What Larkin’s poem teaches me is that paradoxically, it’s calming and empowering, if not immediately then in time, to stop pretending, face the truth and live in the light of it. This is the theme of Kathryn Mannix’ outstanding book With the End in Mind: dying, death and wisdom in an age of denial. I read it before I’d ever heard of Coronavirus (but knowing that I would soon reach my allotted three score years and ten). She is a consultant in palliative care who has found in her work with the terminally ill, dying and bereaved that when we acknowledge our mortality and are able to speak about death, we not only prepare ourselves to die well, but also find that we live more fulfilled lives as a result. This is precisely the theme of the great classics of seventeenth century Anglican spirituality, Bishop Jeremy Taylor’s Holy Living and Holy Dying. Perhaps one of the positives to come out of this crisis is that we are being urged to think realistically about dying, name it and talk about it with those who are closest to us. This means that if we were to succumb to the virus, we would die having said what we needed to say and made what practical arrangements were necessary. (To their credit, William Collins, publisher of Dr Mannix’ book, has made it available as a free e-book for the next few days. Follow the link.)

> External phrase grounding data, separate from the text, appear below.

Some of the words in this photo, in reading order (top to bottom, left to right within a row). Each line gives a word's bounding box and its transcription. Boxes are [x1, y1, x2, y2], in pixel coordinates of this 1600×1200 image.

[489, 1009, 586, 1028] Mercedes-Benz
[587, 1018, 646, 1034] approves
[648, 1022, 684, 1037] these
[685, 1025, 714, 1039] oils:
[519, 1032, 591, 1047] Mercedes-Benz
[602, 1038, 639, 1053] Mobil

Of course Holy Week is about a lot more than our own mortality. These coming ‘days of awe’ celebrate nothing less than the redemption of the world through the cross and resurrection of Jesus. This Great Week transforms everything. This includes our own personal view of life, what we value, what we aspire to, how we are going to live. And how we hope to die. This year, as we observe Holy Week in isolation from one another and in anxiety about what the future may hold, it would be strange if we did not see in the lonely vulnerable Sufferer on his Via Dolorosa an image of us all, strange if we did not hear his cry ‘let this cup pass from me’ as ours, not only for ourselves but for these we love and for all who are suffering in these terrible days. And yes, even his ‘my God, my God, why have you forsaken me?’

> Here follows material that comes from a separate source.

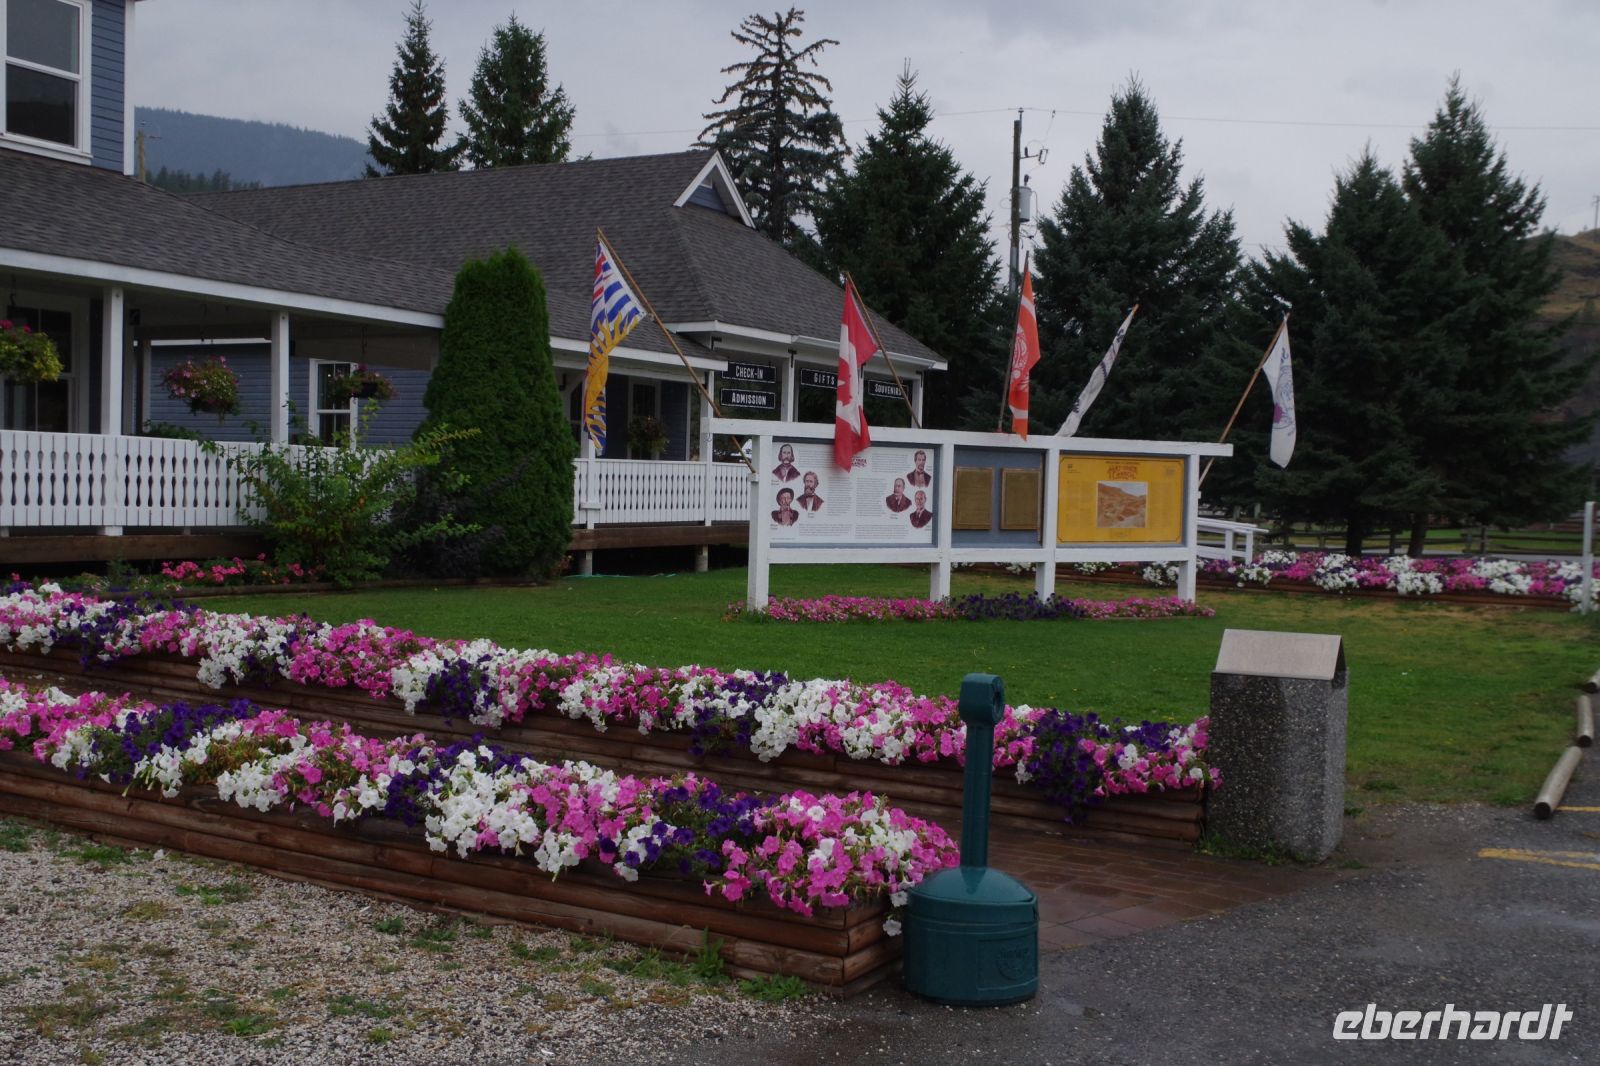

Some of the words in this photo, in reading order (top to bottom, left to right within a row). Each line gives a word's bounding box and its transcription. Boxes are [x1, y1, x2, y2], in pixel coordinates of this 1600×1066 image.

The days of Holy Week were terrible for Jesus too. Which is why, paradoxically, they can bring reassurance, comfort and hope. Where we are travelling in fear, desolation and sorrow he has been, and in an important sense, still walks and always will. Could it be that this year, because of the unique context we find ourselves in, we hear these familiar stories as if for the first time? Could they come alive for us in new ways in our aloneness, our fear, our loss? Could they help us to live better and trust that we shall die better when the time comes? In the last few days Sister Catherine Wybourne, the ‘Digital Nun’, has written a blog that I find profoundly moving. She has decided not to undergo a course of chemotherapy for her terminal cancer, which would now be ‘treatment of last resort’. She asks what it might mean to die at a time like this.
But what about dying itself? We all have our own views on that. The chances are that, in common with many others, if I die in the next few months, I shall die without the sacraments. I cannot easily express what that means to me, but if that should be my lot, I know that it is one I will share with many others, including many great saints. Can it really be so lonely to tread a path many have travelled before? I don’t know. What I do know is that whether I die alone or with someone watching at my bedside, with the sacraments or without, I shall be surrounded by the prayers of the great cloud of witnesses, living and dead, who make up the communion of saints. So, surely, it will not be so lonely after all.
Sister Catherine inspires me this Palm Sunday as I begin the Holy Week journey towards Easter. We can’t know what lies on the other side. It’s a case of ‘one step enough for me’. It always is. But as we take up the cross today we may perhaps find to our surprise that its yoke is easy and its burden light - or at least, a little lighter and a little easier than we had imagined. The Palm Sunday hymn sets the tone in which we must ride on ‘with the end in mind’ - both to die and to live:
Bow thy meek head to mortal pain,
Then take, O God, thy power, and reign!